Outro motivo que me faz alguma espécie quando frequento discotecas é aquelas pessoas que tentam insistentemente em ter uma conversa sobre a coisa mais inapropriada possível para conversar ("Então como é que fizeste para conseguir fazer aquele trabalho?"; "Já viste aquele filme novo que estreou? O que é que achas?"; "Consegues explicar-me como se dá o processo da fotossíntese nas plantas?"). Este é um verdadeiro clássico. Gosto de conversar e sou conversador por natureza, mas estar aos grito ao ouvido de outrem não é propriamente aquilo a que eu chamo "conversar". É óbvio que existem discotecas que têm locais onde se pode dar dois dedos de conversa. Mas o mais curioso é que estes "conversadores de discoteca" têm uma estranha tendência para quererem falar em plena pista. Ou noutro local igualmente barulhento. Tendo em conta que a voz era o meu principal instrumento de trabalho, não era muito agradável ir no dia seguinte dar notícias com a voz toda fodida...

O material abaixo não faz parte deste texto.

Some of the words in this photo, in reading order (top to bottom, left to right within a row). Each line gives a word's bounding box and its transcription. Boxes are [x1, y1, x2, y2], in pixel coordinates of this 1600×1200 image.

Esta situação das conversas leva-me a outro dos motivos porque vou mandar à fava as discotecas. Incrivelmente, um tipo não pode abordar uma tipa na discoteca que está obrigatoriamente a desenvolver esforços para a "comer". Nem que tenha apenas pedido licença para poder passar. Homem que dirija a palavra a uma mulher dentro de uma discoteca só tem uma coisa em mente. É assim que se pintam as coisas na maioria das vezes. Como se não existissem mulheres noutros locais. Sei lá, assim de repente... no local de trabalho, na vizinhança, na faculdade, nos restaurantes, nos cafés, ao virar da esquina. Não. Macho que queira conhecer fêmea vai à discoteca. 

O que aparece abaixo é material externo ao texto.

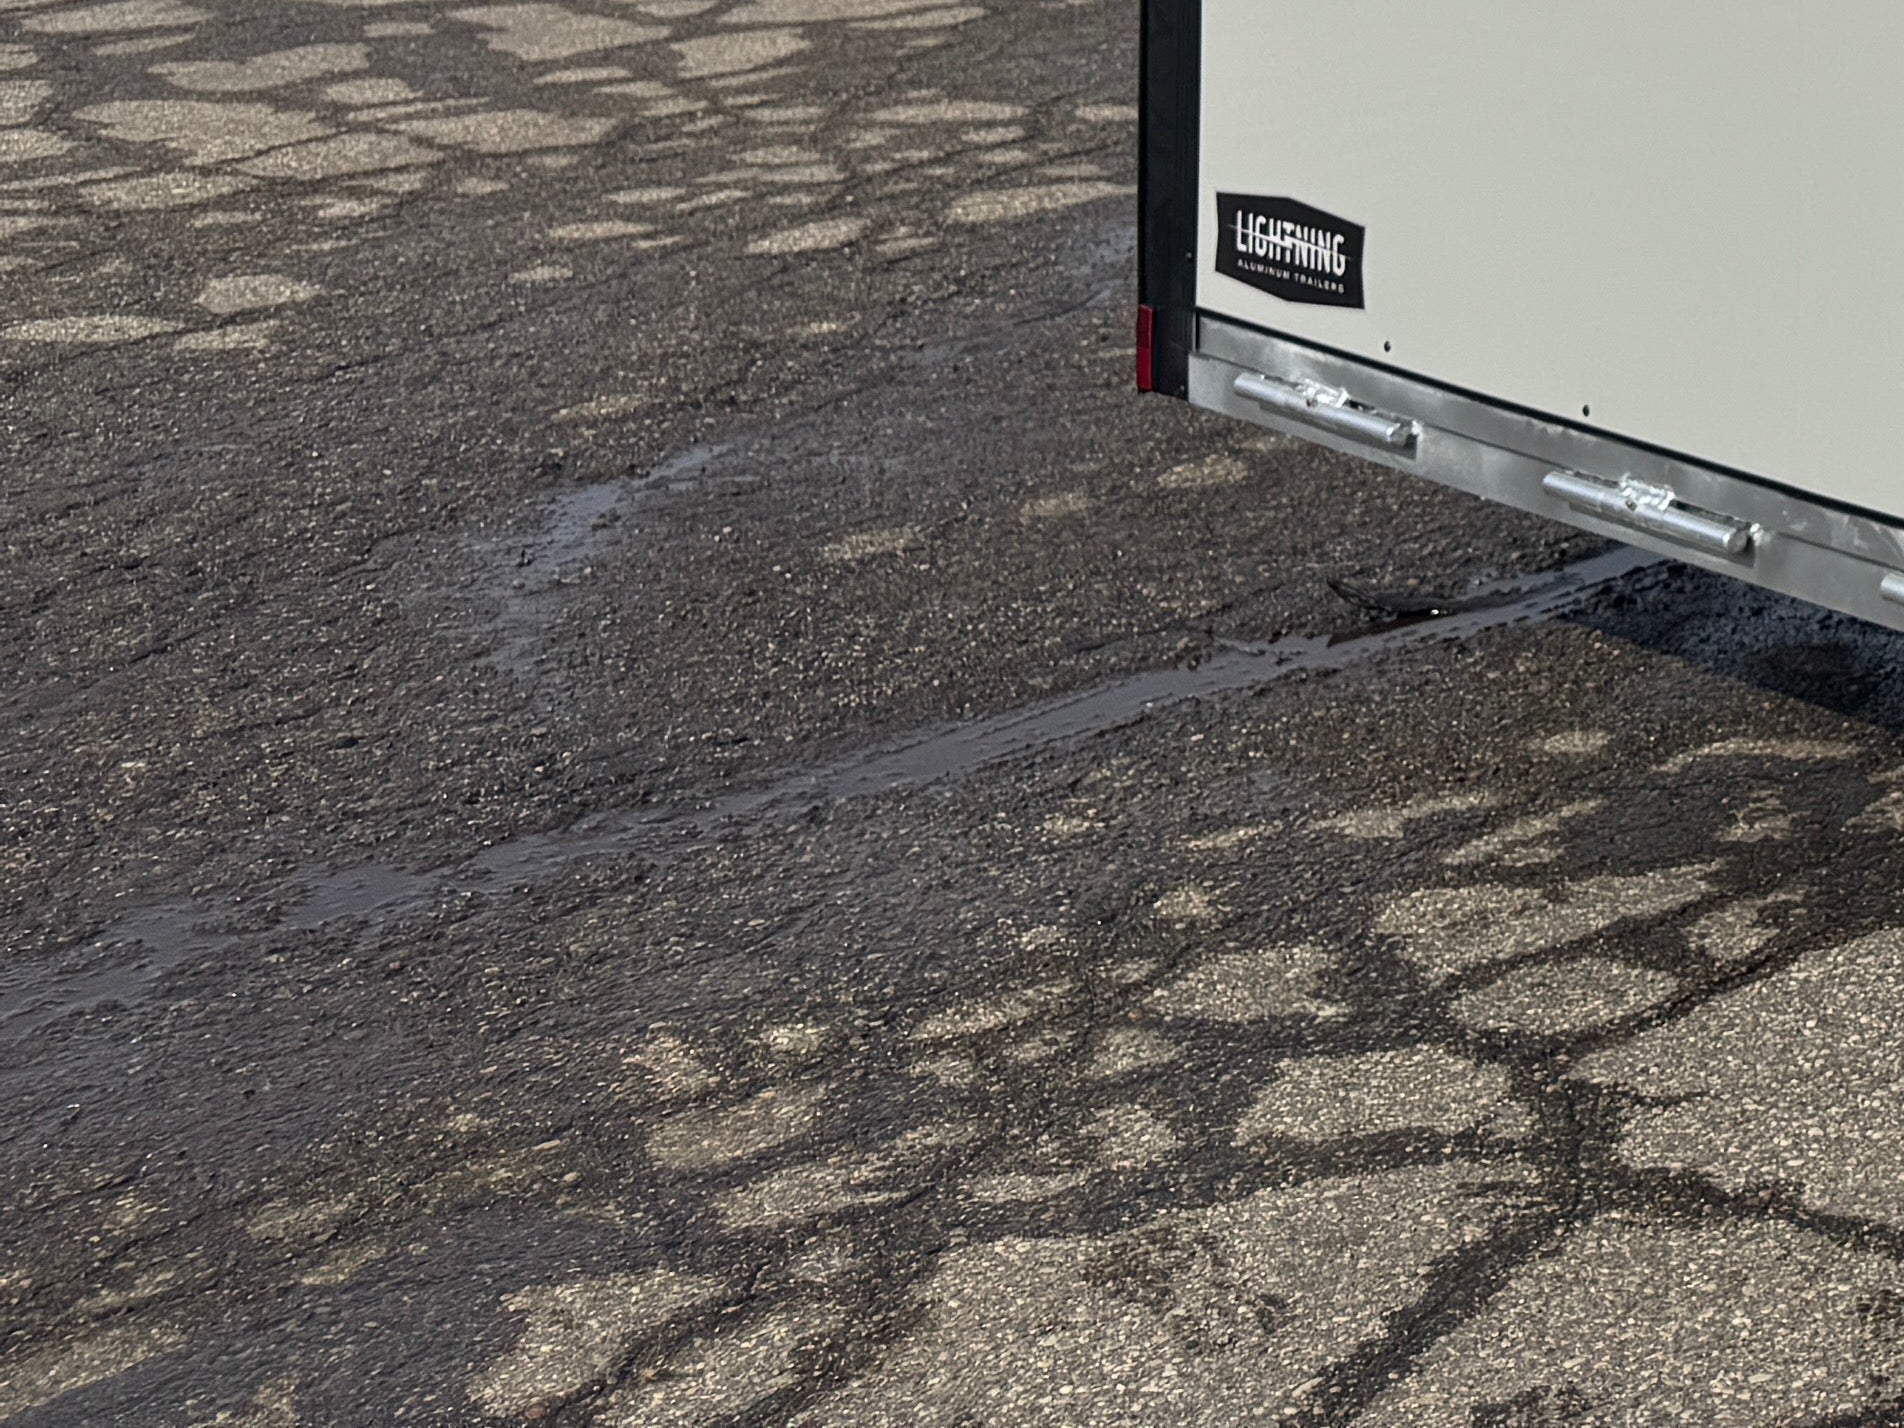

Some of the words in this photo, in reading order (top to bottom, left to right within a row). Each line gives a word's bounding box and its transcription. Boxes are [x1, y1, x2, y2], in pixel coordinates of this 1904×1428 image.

[1236, 210, 1346, 277] LIGHTNING
[1237, 259, 1290, 280] ALUMINUM
[1294, 272, 1345, 294] TRAILERS

Deixei para o fim uma das questões que mais me perturba. Alguém consegue explicar porque é que as discotecas têm seguranças? Porteiro, ou alguém que distribua os cartões à entrada e os recolha à saída, ainda consigo compreender. Mas ter "armários" dentro da discoteca para quê? Devemos assumir que quem vai a uma discoteca tem no seu rol de prioridades, armar confusão? Agora que perdi tempo a pensar nisso, eu não quero estar num sítio onde estou a ser vigiado. Onde, por vezes, um mal entendido insignificante  que poderia ser simplesmente resolvido, "graças" à intervenção desses indivíduos ganha proporções bem maiores. A justificação mais comum é que estão lá para colocar os desordeiros na rua. Mas se seguirmos esta lógica porque é que os bares não têm seguranças? Os restaurantes? Até mesmo, os cafés? Nada nos garante que não entremos num bar ou café e não haja confusão. Confesso que já me aconteceu, não havia seguranças nenhuns, e a situação foi prontamente resolvida. Daí, para quê "segurança" nas discotecas? 

Ainda há outra razões para esta ostracização da minha parte às discotecas, como os preços exagerados, a qualidade duvidosa das bebidas que são servidas ou o péssimo atendimento entre outras que não vou enumerar. Estou a escrever estas linhas e estou já a imaginar a resposta de alguns amigos meus que as irão ler. "Fogo, pareces um velho a falar!" Vai daí... :)

Para terminar em beleza, suprema ironia. Acabei de receber uma sms. "Então? tudo bem? (...) Como é? Vamos pra night [disco]"?